High Court Of Judicature at Allahabad|17 April, 2012

JUDGMENT / ORDER

The award dated 20.04.2000 attained finality as none of the parties challenged the said award. The respondent No.2 filed an application under Section 6H(1) of the U.P. Industrial Disputes Act for the payment of his regular salary inter alia on the ground that as his termination was declared illegal and as such he will be deemed to continue in service, therefore, he is entitled for the full wages from 30th September, 2000. He has further stated in his application that minimum salary of a worker is Rs. 2550/- and as such his arrears of salary for 35 months that comes to Rs.89,250/-. He is entitled for the same. A copy of the application made by respondent no.2 is Annexure 2 to the Writ Petition. The Labour Court on the said application issued a notice dated 9th February, 2004 to the petitioner thereafter on 2102.2004 another notice under Section 14A of Act 1947 was issued to the petitioner by the Deputy Labour Commissioner, Saharanpur wherein it was mentioned that respondent No.2 has alleged that in spite of the fact that two vacancies occurred in the past but he was not appointed against those vacancies.

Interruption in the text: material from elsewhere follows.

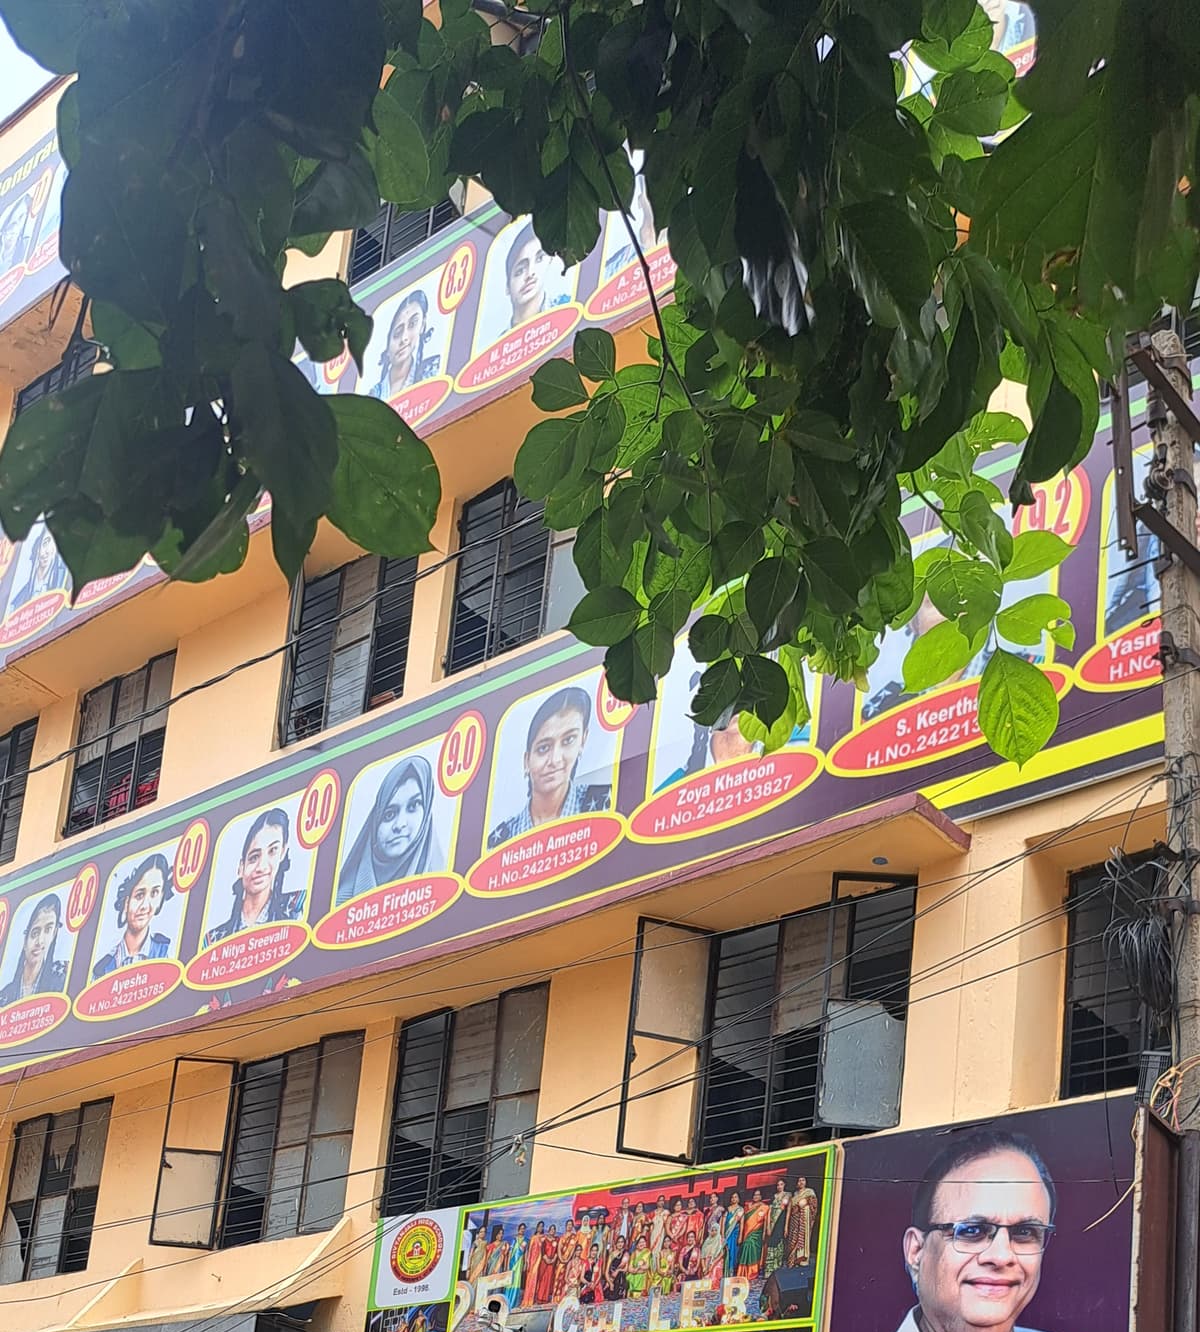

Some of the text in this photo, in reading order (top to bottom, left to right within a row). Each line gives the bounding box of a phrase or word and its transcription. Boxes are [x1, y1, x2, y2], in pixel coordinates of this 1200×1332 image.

The petitioner has submitted the reply in response to the earlier notice wherein the petitioner had taken the stand that there are only 42 sanctioned posts against which 92 Class IV employees are working, thereafter, and as such it was not possible to regularise/appoint the respondent No.2 in absence of the vacancy in sanctioned posts. It appears that the Deputy Labour Commissioner was not satisfied with the reply of the petitioner, therefore, he issued an order dated 28.04.2005 for the compliance of the award.
The petitioner aggrieved by the said notices dated 21.12.2004 and 28.04.2005 has approached this Court by means of present petition.

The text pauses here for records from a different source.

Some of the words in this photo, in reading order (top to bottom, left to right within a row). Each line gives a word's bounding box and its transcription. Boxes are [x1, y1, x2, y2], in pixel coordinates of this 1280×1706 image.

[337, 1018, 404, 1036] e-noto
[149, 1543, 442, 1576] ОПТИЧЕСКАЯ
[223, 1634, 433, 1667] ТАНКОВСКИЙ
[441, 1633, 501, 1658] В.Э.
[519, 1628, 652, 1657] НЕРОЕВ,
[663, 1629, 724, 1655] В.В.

I have heard learned Standing Counsel and Sri Sharad Kumar Pandey learned counsel for the respondent No.2. The learned Standing Counsel has submitted that the respondent No.2 was casual employee who did not work after 1996. In the award dated 20.04.2000 there is no positive direction for reinstatement of the respondent No.2. There was only conditional direction that if any vacancy occurs the respondent No.2 shall be considered first and in lieu of the backwages a compensation of Rs. 5,000/- was awarded. The petitioner has complied with the said direction and the respondent No.2 has been paid the said compensation. He further submitted that there were only 42 sanctioned posts of Class IV employee and 92 persons are still working and there is no post available on which the respondent No.2 can be adjusted. This fact has been totally ignored by the Deputy Labour Commissioner in the proceeding under Section 6H(1) and notices have been issued under Section 6H(1). He has further urged that the department cannot regularise the respondent No.2 de hors of the rule. The law laid down by the Supreme Court in Uma Devi case does not permit the department to regularise his service in absence of positive direction of the Labour Court.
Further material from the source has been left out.